The programs, discovered by Doctor Web's analysts, belong to the Vietnamese developer AppStore Jsc. They are disguised as audio players and a video player that displays adult content.

The table below is based on Google Play statistics. It provides information about the number of users who have installed these applications:

The total number of installations of these three programs ranges between 11,000 and 25,000.

These applications appear harmless. However, they incorporate an extra apk-file that contains an Android.SmsSend Trojan. While running these carrier applications, dubbed Android.MulDrop, Android.MulDrop.1, and Android.MulDrop.2 by Dr.Web, can prompt the user to download the content they need, but their consent initiates the installation of another application rather than the downloading of files. For example, the video player program offers to get the user new adult clips.

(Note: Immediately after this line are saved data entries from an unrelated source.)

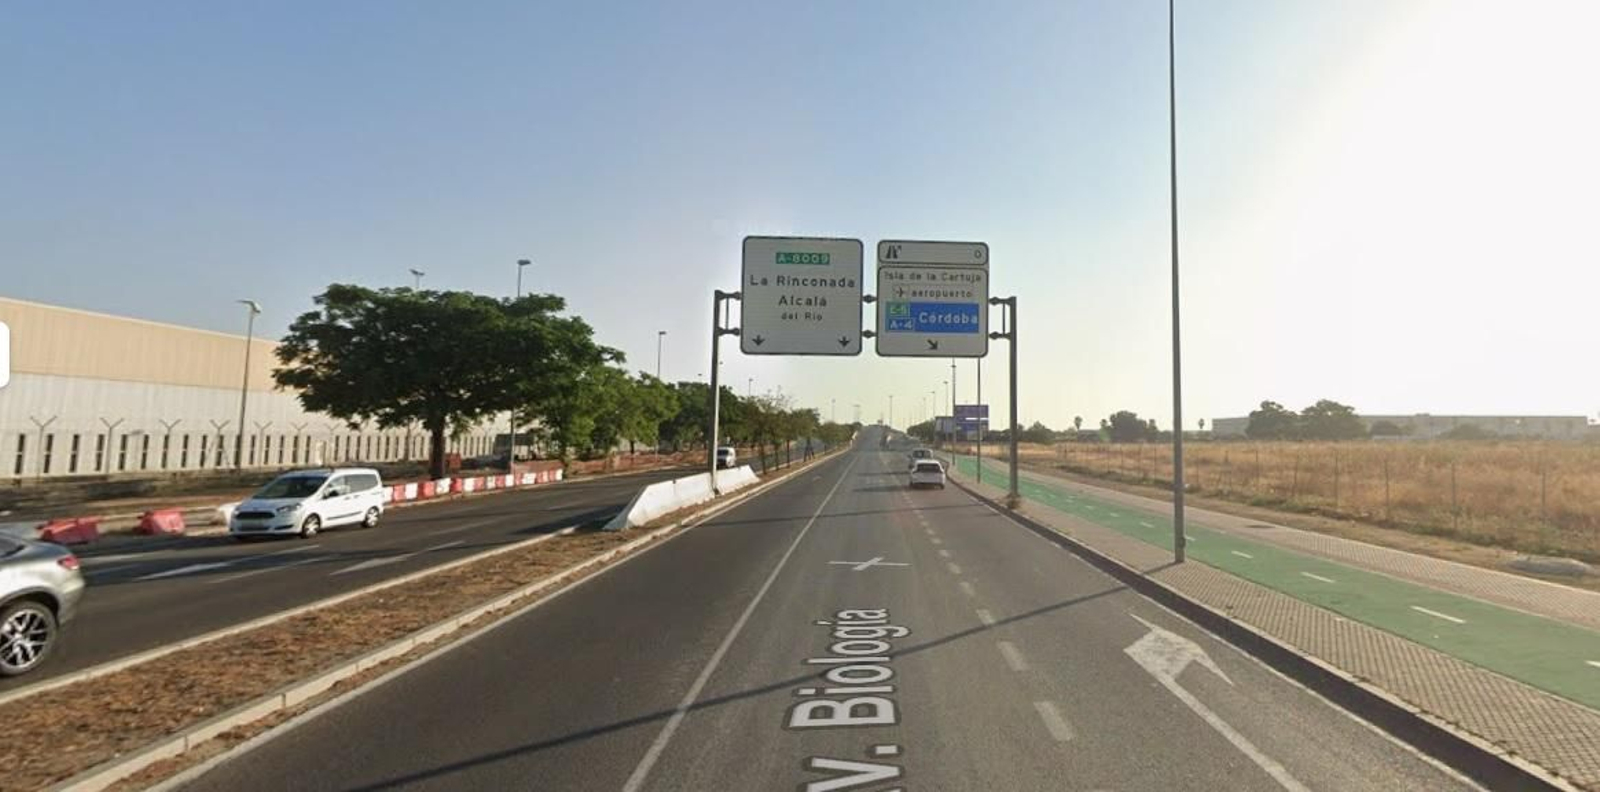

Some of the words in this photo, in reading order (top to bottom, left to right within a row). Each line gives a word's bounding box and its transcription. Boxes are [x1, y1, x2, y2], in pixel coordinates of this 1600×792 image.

[777, 253, 829, 264] A-8009
[750, 275, 768, 286] La
[776, 275, 856, 288] Rinconada
[884, 270, 904, 281] Isla
[909, 271, 922, 281] de
[927, 272, 937, 281] la
[941, 272, 982, 283] Cartuja
[911, 290, 973, 299] aeropuerto
[778, 294, 827, 307] Alcalá
[781, 312, 798, 320] del
[889, 320, 913, 331] A-4
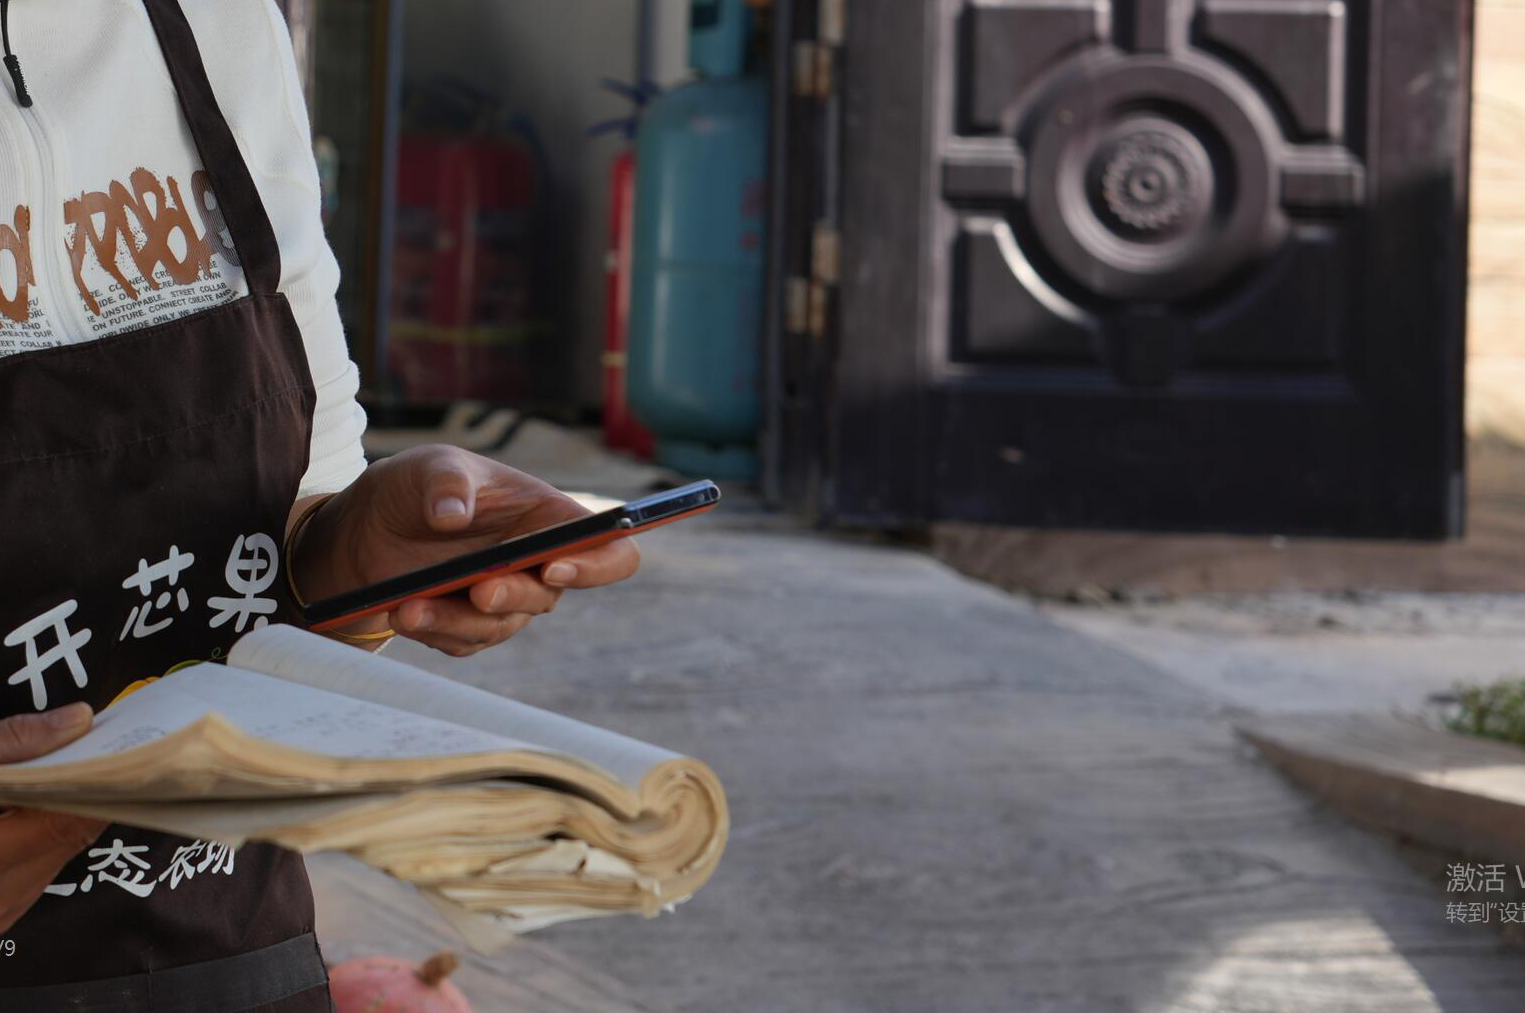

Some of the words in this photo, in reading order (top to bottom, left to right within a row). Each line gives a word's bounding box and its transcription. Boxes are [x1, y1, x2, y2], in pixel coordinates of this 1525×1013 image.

If the careless user agrees to install a suspicious application, the Trojan Android.SmsSend.512 will be installed on the device. The program covertly sends short messages to the short number 8775 which is specified in the malware's configuration file. It is noteworthy that this Trojan really does enable a user to view adult video clips. Apparently, the attackers implemented this feature to avoid unnecessary suspicion.

As for the second and third Trojan carriers, they contain malware dubbed Android.SmsSend.513.origin. It operates similarly to Android.SmsSend.517, but, unlike the latter, it acquires information about short numbers from a command and control server.

Devices running Dr.Web for Android are well protected from these malicious programs whose signatures were promptly added to the virus database.